You might have seen it when using the AWS Java SDK: https://github.com/aws/aws-sdk-java/issues/123
See here for some more info: https://forums.oracle.com/thread/2594170
So what changed from the previous release (update 40)?
After some digging through the OpenJDK source tree, it looks like there has been some notable churn in the Xerces packages, particularly WRT to (XML)SecurityManager. Note: Not to be confused with java.lang.SecurityManager.
* 8426c41b7922 (Wed Jul 03 2003)
* 32a6df99656c (Tue Jul 09 2003)
At first the latter seems to be the culprit as it touches the lines the exception is thrown from, but closer inspection reveals that commit 32a6df99656c is just a load of refactoring and renaming. Commit 8426c41b7922 appears to be responsible.
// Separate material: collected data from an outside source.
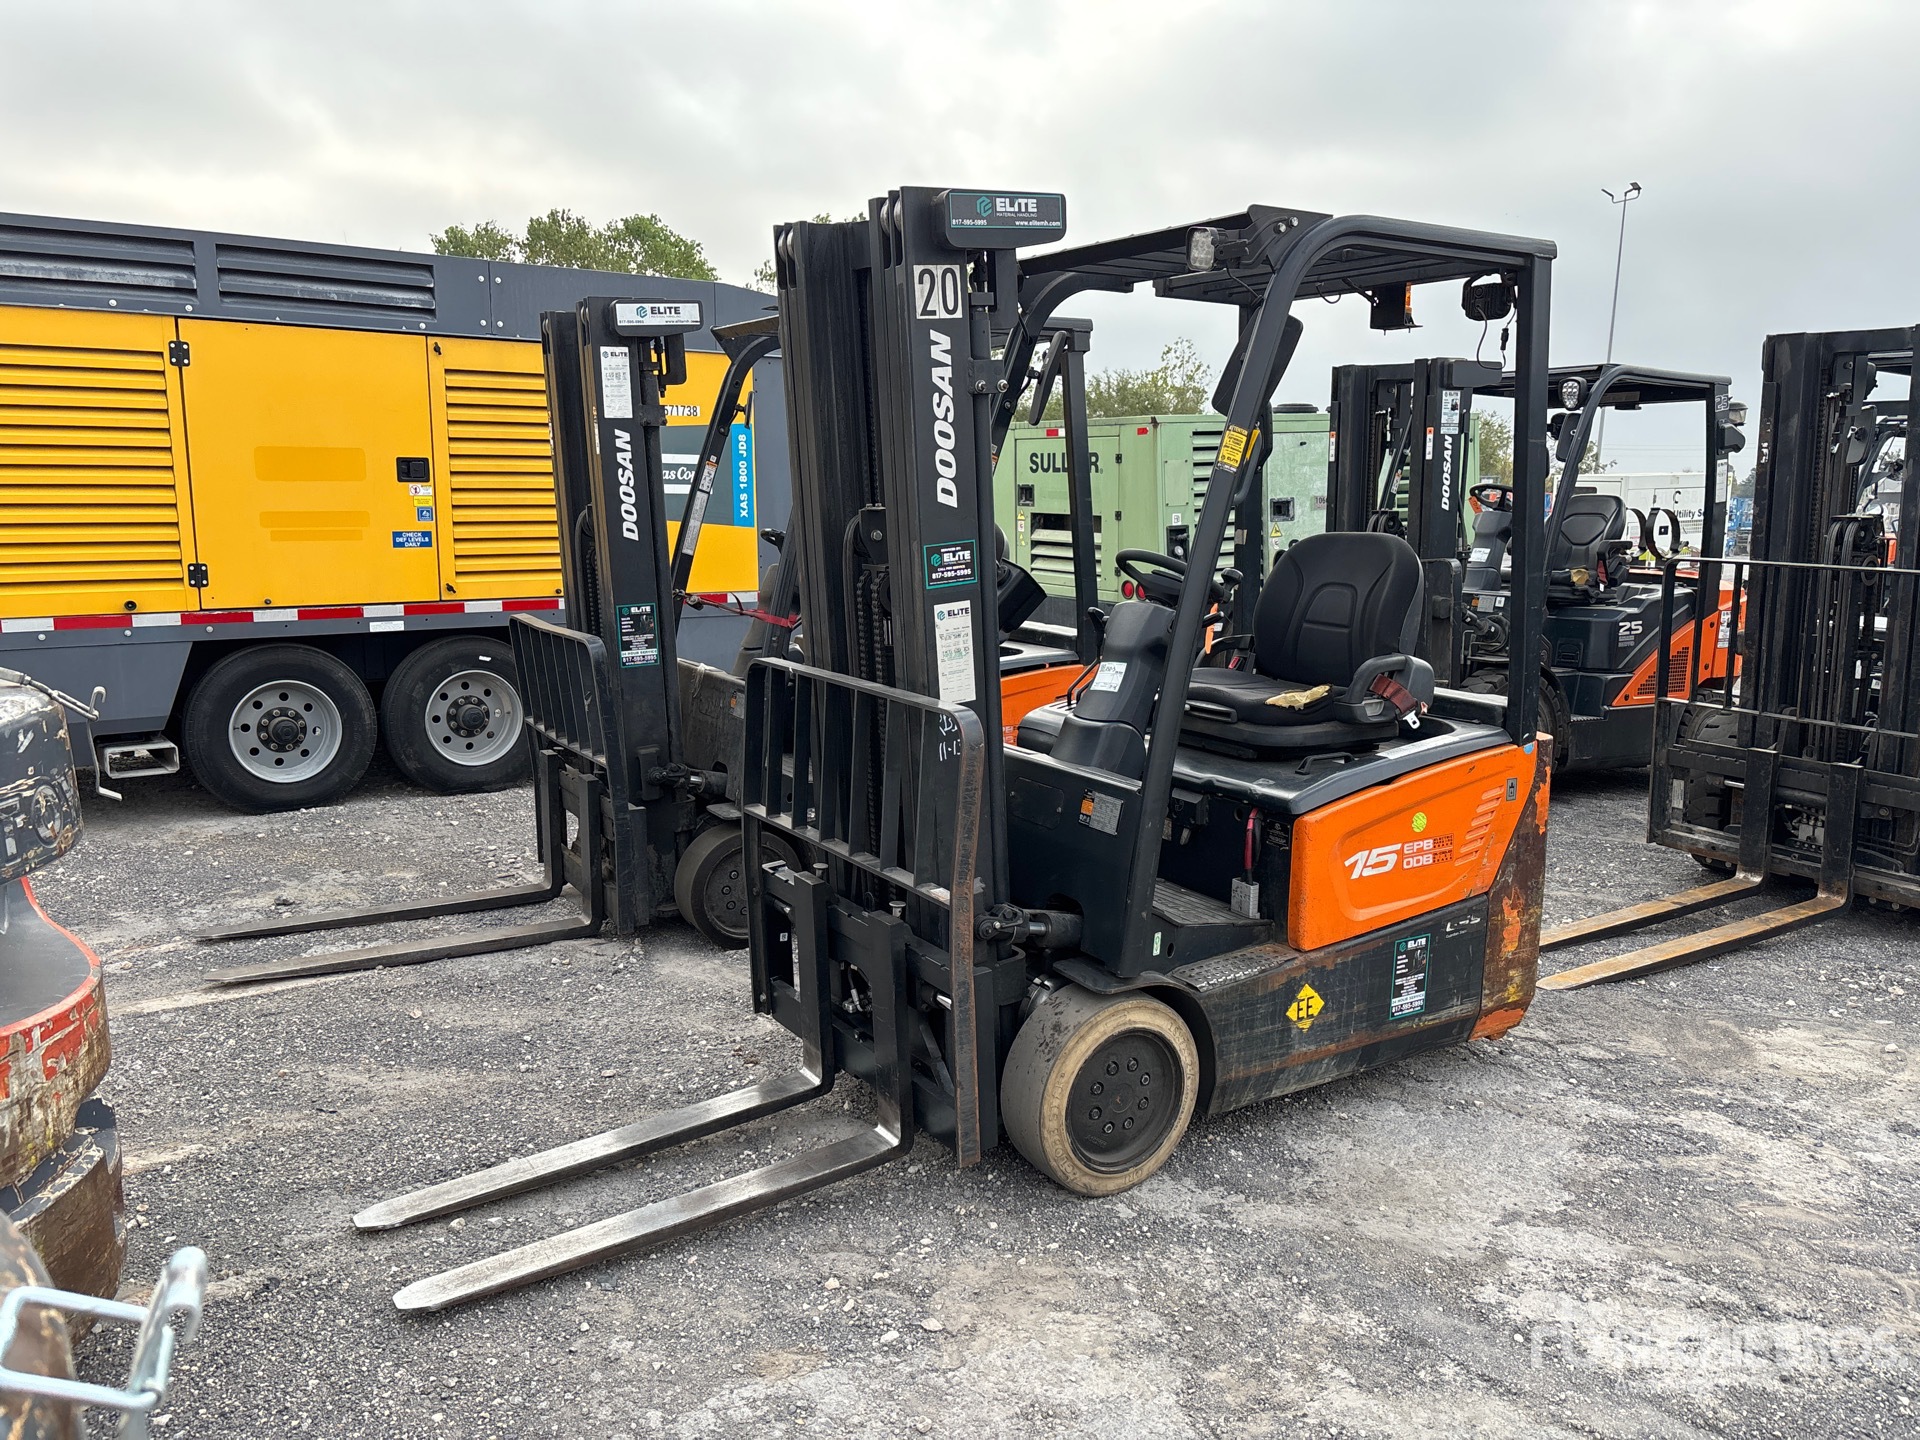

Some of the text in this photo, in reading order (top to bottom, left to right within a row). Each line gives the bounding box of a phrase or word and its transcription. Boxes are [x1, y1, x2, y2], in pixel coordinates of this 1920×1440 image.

[996, 197, 1037, 212] ELITE
[918, 268, 959, 317] 20
[650, 306, 681, 315] ELITE
[929, 328, 958, 509] DOOSAN
[738, 433, 749, 518] XAS 1800 JD8
[1441, 434, 1453, 511] DOOSAN
[614, 428, 639, 541] DOOSAN
[944, 550, 971, 562] ELITE
[932, 569, 971, 579] 817-595-5995
[947, 607, 970, 617] ELITE
[1618, 621, 1643, 635] 25
[1344, 839, 1433, 880] 15 EPB
[1403, 853, 1433, 869] ODB
[1407, 937, 1427, 949] ELITE
[1297, 996, 1315, 1020] EE
What has actually changed here is a (XML)SecurityManger is actually being configured by default, where previously the default seems to have been for none.
I can only guess if this was an intentional change, but it seem sensible to have a security manager by default and perhaps this was the supposed to have been configured by default all along. It seems no many people have hit this problem yet. Given this was (albeit unintentionally) previously disabled, it seems ok to disabled the entity expansion limit again as a short-term work around. At least, better to disable the entity expansion limit than try and pin at an older version of the JDK.
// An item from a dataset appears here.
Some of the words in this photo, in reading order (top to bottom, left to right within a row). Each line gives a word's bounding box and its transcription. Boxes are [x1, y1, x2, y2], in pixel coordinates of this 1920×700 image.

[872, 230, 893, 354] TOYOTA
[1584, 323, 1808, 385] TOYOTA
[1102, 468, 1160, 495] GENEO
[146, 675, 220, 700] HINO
Update 2013/11/6: Looks like this “fix” was back-ported to OpenJDK 1.6 at least on RHEL as of “java-1.6.0-openjdk.x86_64 1:1.6.0.0-1.65.1.11.14.el6_4”. See the RHEL change log. This change is also mentioned in this RHEL security advisory. I would check the source, but hg.openjdk.java.net is down at the moment.
Update 2013/11/13: Seems there is an actual bug open for this now, though currently fix-version is set to ‘8’.